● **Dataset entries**
==========
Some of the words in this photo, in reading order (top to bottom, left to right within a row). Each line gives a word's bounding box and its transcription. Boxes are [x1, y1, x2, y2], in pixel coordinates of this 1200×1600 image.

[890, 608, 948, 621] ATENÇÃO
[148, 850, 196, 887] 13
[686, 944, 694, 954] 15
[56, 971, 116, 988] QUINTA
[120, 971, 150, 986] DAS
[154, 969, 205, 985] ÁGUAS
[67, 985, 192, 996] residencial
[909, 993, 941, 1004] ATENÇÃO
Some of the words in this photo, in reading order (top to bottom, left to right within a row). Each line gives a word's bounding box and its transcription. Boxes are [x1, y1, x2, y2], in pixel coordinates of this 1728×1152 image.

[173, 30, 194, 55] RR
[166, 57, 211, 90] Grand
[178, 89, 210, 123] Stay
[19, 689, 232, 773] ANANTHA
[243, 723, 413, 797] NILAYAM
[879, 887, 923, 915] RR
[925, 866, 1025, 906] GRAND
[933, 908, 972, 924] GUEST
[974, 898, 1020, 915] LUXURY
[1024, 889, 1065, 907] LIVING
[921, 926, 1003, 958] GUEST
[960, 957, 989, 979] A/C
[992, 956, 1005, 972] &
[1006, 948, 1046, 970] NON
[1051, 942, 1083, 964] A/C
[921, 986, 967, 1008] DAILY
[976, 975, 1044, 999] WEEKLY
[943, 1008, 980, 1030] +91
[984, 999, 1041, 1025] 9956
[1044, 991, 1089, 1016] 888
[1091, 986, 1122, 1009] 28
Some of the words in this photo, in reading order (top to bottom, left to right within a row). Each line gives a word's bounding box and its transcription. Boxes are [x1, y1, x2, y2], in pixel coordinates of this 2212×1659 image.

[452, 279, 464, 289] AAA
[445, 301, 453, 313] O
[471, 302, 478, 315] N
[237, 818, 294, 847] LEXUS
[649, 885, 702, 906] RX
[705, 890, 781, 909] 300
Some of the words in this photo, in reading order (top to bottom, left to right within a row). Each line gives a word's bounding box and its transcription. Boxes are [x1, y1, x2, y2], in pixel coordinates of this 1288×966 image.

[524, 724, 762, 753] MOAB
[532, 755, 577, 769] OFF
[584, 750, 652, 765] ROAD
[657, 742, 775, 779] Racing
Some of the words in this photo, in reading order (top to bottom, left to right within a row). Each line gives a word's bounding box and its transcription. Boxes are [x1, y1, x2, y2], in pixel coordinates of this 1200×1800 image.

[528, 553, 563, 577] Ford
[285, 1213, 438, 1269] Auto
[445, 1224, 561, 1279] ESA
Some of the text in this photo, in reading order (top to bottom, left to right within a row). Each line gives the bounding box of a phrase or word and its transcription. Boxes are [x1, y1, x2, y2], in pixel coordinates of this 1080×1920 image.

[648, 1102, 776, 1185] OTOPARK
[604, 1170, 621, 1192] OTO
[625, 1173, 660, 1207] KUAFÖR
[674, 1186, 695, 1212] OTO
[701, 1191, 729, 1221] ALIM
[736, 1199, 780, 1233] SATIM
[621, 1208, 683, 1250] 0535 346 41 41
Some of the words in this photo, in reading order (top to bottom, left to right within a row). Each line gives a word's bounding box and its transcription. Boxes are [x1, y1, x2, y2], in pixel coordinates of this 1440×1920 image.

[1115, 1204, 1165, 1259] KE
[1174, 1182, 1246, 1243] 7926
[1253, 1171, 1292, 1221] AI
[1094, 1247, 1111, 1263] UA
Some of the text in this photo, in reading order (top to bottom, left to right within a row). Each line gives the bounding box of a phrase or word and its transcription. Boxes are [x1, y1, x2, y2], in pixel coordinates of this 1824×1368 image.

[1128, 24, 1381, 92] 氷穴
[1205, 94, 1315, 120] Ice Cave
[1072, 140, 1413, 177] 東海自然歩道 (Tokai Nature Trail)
==========
● **Task details**
Each line above needs to be returned exactly as it is.

● **Response area**
Some of the words in this photo, in reading order (top to bottom, left to right within a row). Each line gives a word's bounding box and its transcription. Boxes are [x1, y1, x2, y2], in pixel coordinates of this 1200×1600 image.

[890, 608, 948, 621] ATENÇÃO
[148, 850, 196, 887] 13
[686, 944, 694, 954] 15
[56, 971, 116, 988] QUINTA
[120, 971, 150, 986] DAS
[154, 969, 205, 985] ÁGUAS
[67, 985, 192, 996] residencial
[909, 993, 941, 1004] ATENÇÃO
Some of the words in this photo, in reading order (top to bottom, left to right within a row). Each line gives a word's bounding box and its transcription. Boxes are [x1, y1, x2, y2], in pixel coordinates of this 1728×1152 image.

[173, 30, 194, 55] RR
[166, 57, 211, 90] Grand
[178, 89, 210, 123] Stay
[19, 689, 232, 773] ANANTHA
[243, 723, 413, 797] NILAYAM
[879, 887, 923, 915] RR
[925, 866, 1025, 906] GRAND
[933, 908, 972, 924] GUEST
[974, 898, 1020, 915] LUXURY
[1024, 889, 1065, 907] LIVING
[921, 926, 1003, 958] GUEST
[960, 957, 989, 979] A/C
[992, 956, 1005, 972] &
[1006, 948, 1046, 970] NON
[1051, 942, 1083, 964] A/C
[921, 986, 967, 1008] DAILY
[976, 975, 1044, 999] WEEKLY
[943, 1008, 980, 1030] +91
[984, 999, 1041, 1025] 9956
[1044, 991, 1089, 1016] 888
[1091, 986, 1122, 1009] 28
Some of the words in this photo, in reading order (top to bottom, left to right within a row). Each line gives a word's bounding box and its transcription. Boxes are [x1, y1, x2, y2], in pixel coordinates of this 2212×1659 image.

[452, 279, 464, 289] AAA
[445, 301, 453, 313] O
[471, 302, 478, 315] N
[237, 818, 294, 847] LEXUS
[649, 885, 702, 906] RX
[705, 890, 781, 909] 300
Some of the words in this photo, in reading order (top to bottom, left to right within a row). Each line gives a word's bounding box and its transcription. Boxes are [x1, y1, x2, y2], in pixel coordinates of this 1288×966 image.

[524, 724, 762, 753] MOAB
[532, 755, 577, 769] OFF
[584, 750, 652, 765] ROAD
[657, 742, 775, 779] Racing
Some of the words in this photo, in reading order (top to bottom, left to right within a row). Each line gives a word's bounding box and its transcription. Boxes are [x1, y1, x2, y2], in pixel coordinates of this 1200×1800 image.

[528, 553, 563, 577] Ford
[285, 1213, 438, 1269] Auto
[445, 1224, 561, 1279] ESA
Some of the text in this photo, in reading order (top to bottom, left to right within a row). Each line gives the bounding box of a phrase or word and its transcription. Boxes are [x1, y1, x2, y2], in pixel coordinates of this 1080×1920 image.

[648, 1102, 776, 1185] OTOPARK
[604, 1170, 621, 1192] OTO
[625, 1173, 660, 1207] KUAFÖR
[674, 1186, 695, 1212] OTO
[701, 1191, 729, 1221] ALIM
[736, 1199, 780, 1233] SATIM
[621, 1208, 683, 1250] 0535 346 41 41
Some of the words in this photo, in reading order (top to bottom, left to right within a row). Each line gives a word's bounding box and its transcription. Boxes are [x1, y1, x2, y2], in pixel coordinates of this 1440×1920 image.

[1115, 1204, 1165, 1259] KE
[1174, 1182, 1246, 1243] 7926
[1253, 1171, 1292, 1221] AI
[1094, 1247, 1111, 1263] UA
Some of the text in this photo, in reading order (top to bottom, left to right within a row). Each line gives the bounding box of a phrase or word and its transcription. Boxes are [x1, y1, x2, y2], in pixel coordinates of this 1824×1368 image.

[1128, 24, 1381, 92] 氷穴
[1205, 94, 1315, 120] Ice Cave
[1072, 140, 1413, 177] 東海自然歩道 (Tokai Nature Trail)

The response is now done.